On the Fort Apache Reservation, tribal members helped excavate and restore Kinishba ruins and built a small museum and residence there.

Like the rest of the CCC, the CCC-iD shifted its focus to national defense in later years, with enrollees studying trades such as radio operations and sheet-metal work. by the end of 1942, of 11,000 indians in the armed forces, 6,400 were former CCC-iD enrollees. Another 8,000 took jobs related to war production.

Education became an important component of the CCC. Few enrollees had completed high school, and as many as 2.5 million were illiterate. eventually, every camp received an educational advisor, often an unemployed teacher or professor.

It was his job to set up classes based on the needs and desires of the men in his camp. Enrollees could take academic classes, as well as a variety of vocational courses intended to help them find work as civilians. At Walnut Canyon, enrollees could take courses in carpentry and bricklaying. At the Grand Canyon, they studied the Canyon's biology and geology, in addition to trades like auto mechanics.

It was the educational opportunities that kept Elson Alvarez in the program.

Dinner was served at 5 p.m. From 6 p.m. to 9 p.m., he attended classes.
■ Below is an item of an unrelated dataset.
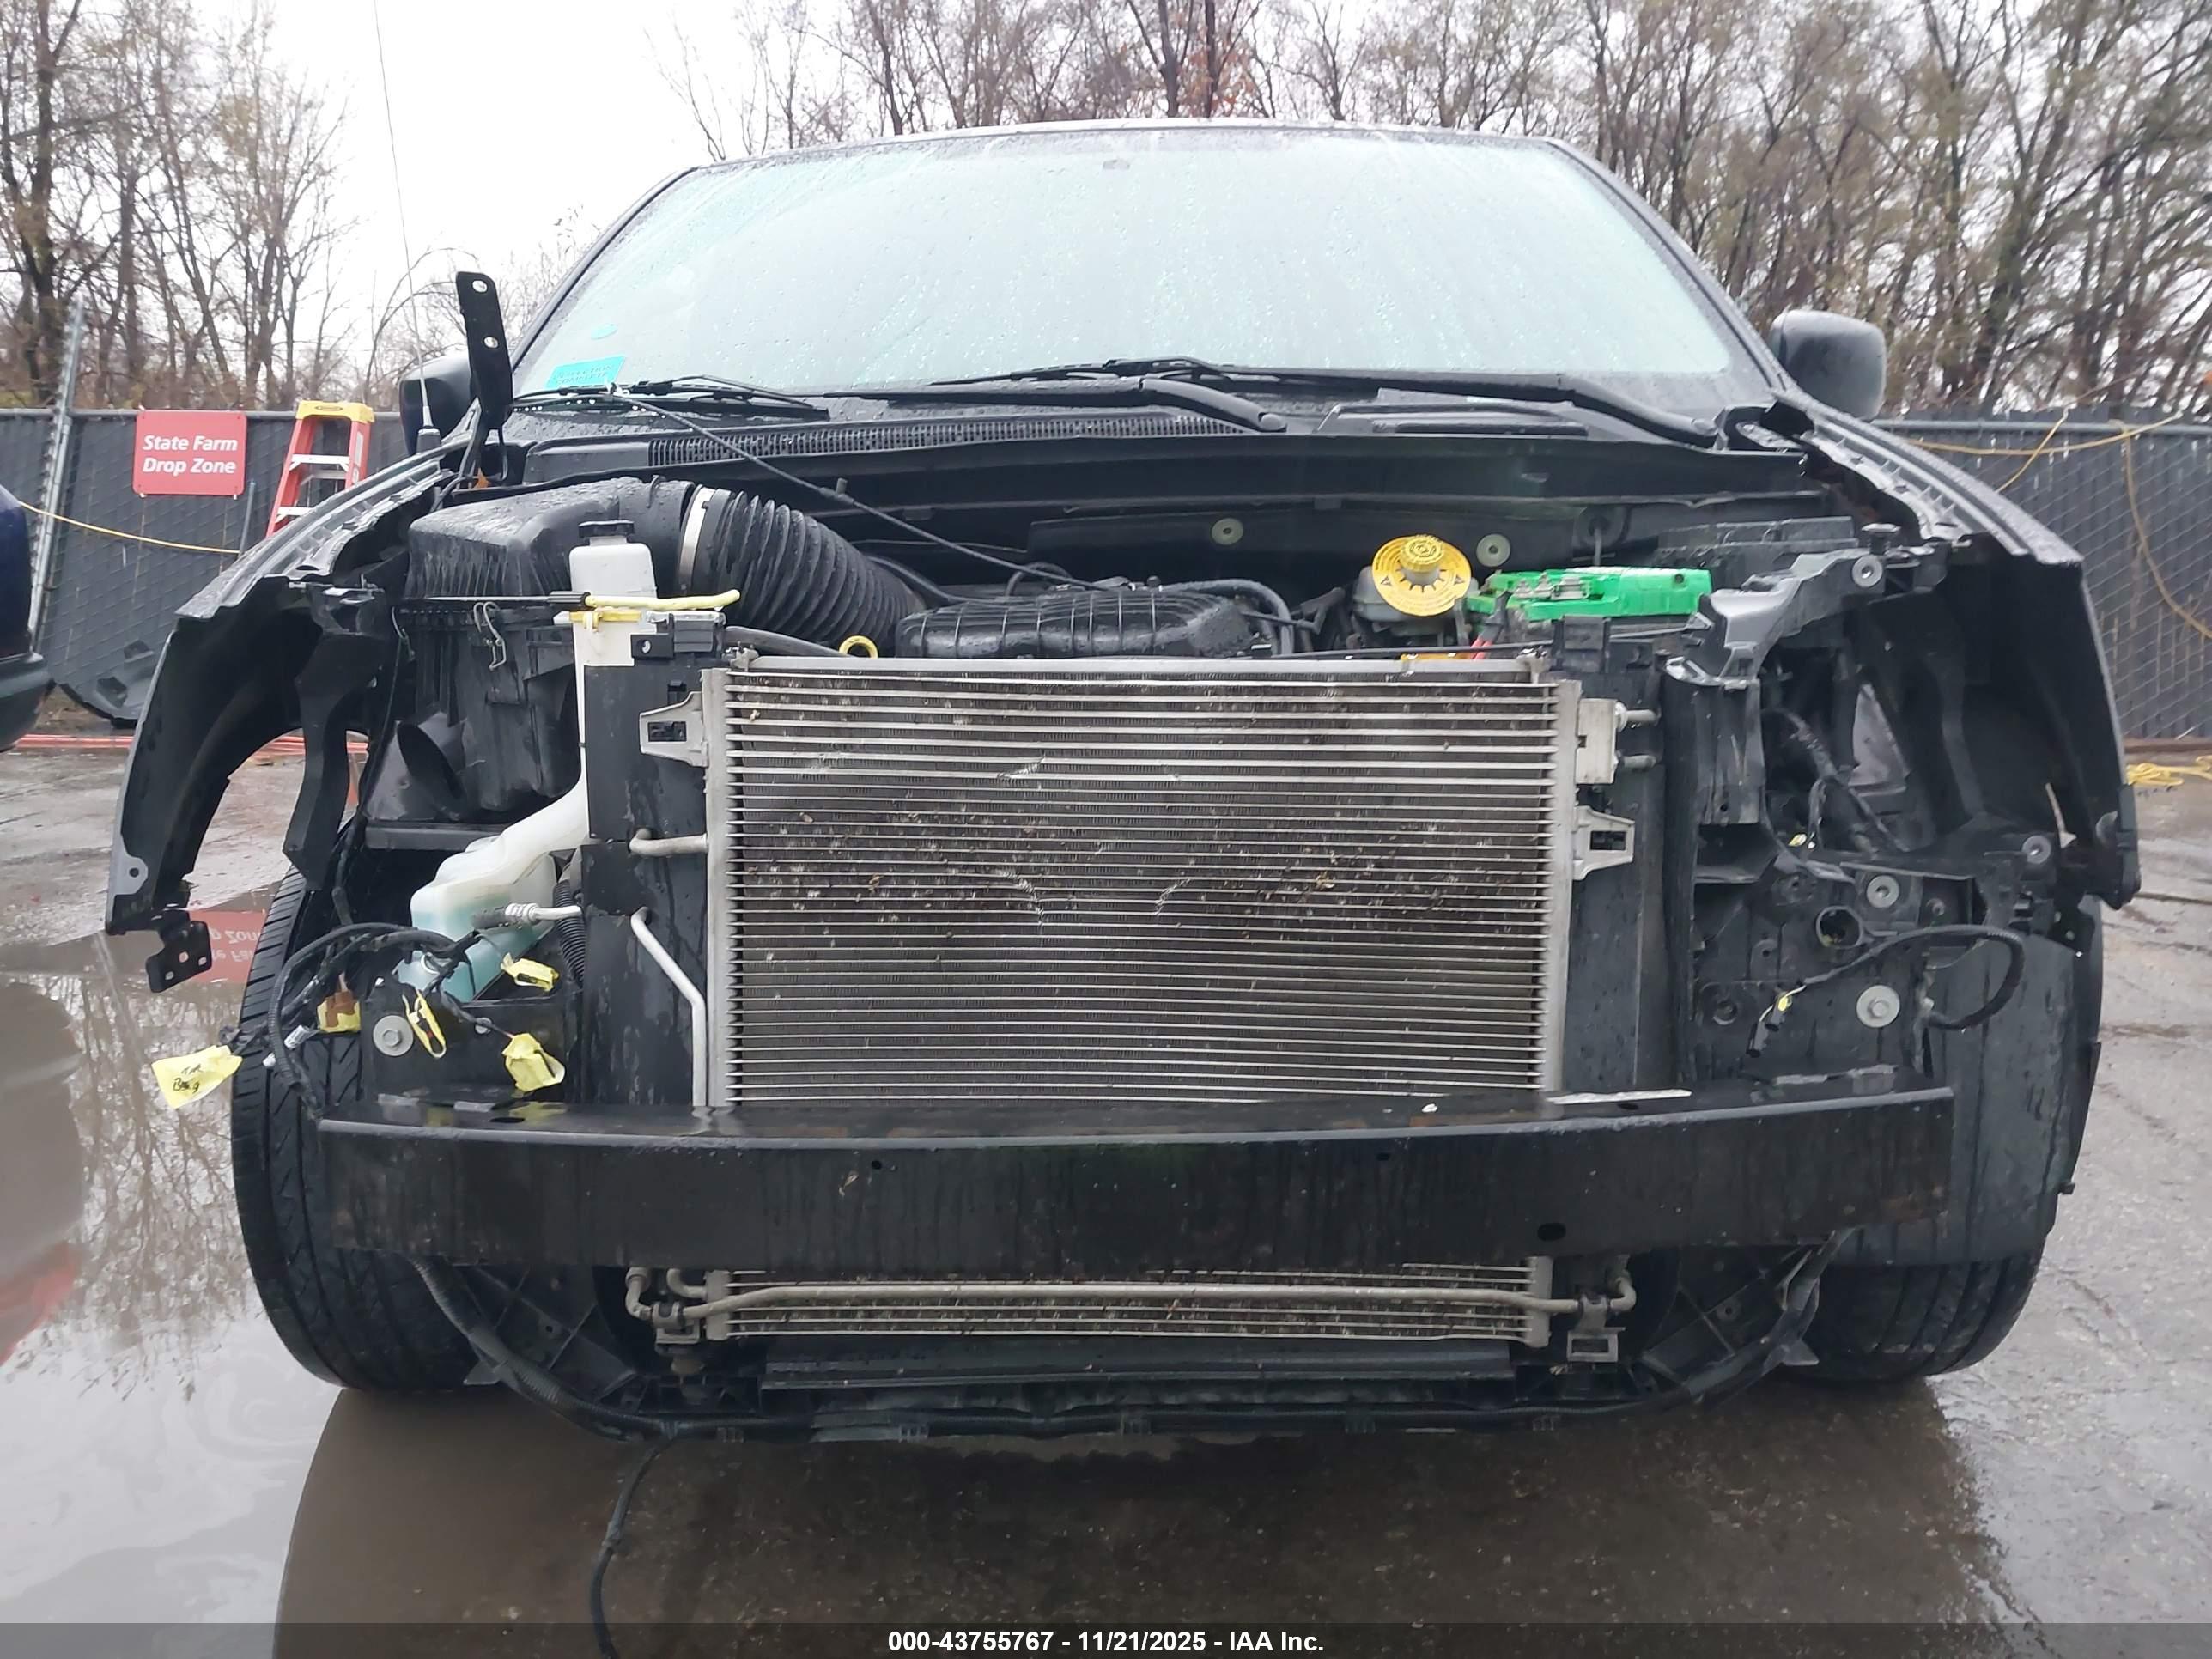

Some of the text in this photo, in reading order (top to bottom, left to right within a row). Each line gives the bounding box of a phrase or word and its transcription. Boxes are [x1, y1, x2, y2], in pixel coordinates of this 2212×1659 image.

"Whatever we wanted to take," he recalls. "I wanted to learn more surveying, you know? so I became an assistant leader. I just kept studying and I became a leader the survey crew leader."

With each promotion, he earned more money. He took photography classes and opened a camp photography concession, which gave him income on the side.

As the CCC was winding down during the buildup to World War II, it was a letter of recommendation signed by the camp engineer and project superintendent that got him a job with citizens utilities co. in nogales. He worked there for 40 years, retiring as power plant superintendent.

Like many of his fellows, Alvarez also went on to serve in World War II. His first drill instructor was a CCC alumnus, actor Robert Mitchum.

"He was showing us how to fix up beds," Alvarez says. "So when he saw me fixing up the bed, [he asked], are you an ex-soldier or a Triple-C boy? I told him, and then he shook my hand and we sat together and talked for about an hour and a half."

Alvarez used the photography skills he learned in the CCC in the Army Air Corps, serving in Panama as a press photographer. He believes the war would have lasted longer had it not been for all the CCC enrollees who served."

"We were very famous during the Great Depression," he says. "Then World War II broke out and we became obscure. but now it seems people are moving to tell what happened and why. who was responsible and why the Great Depression was over."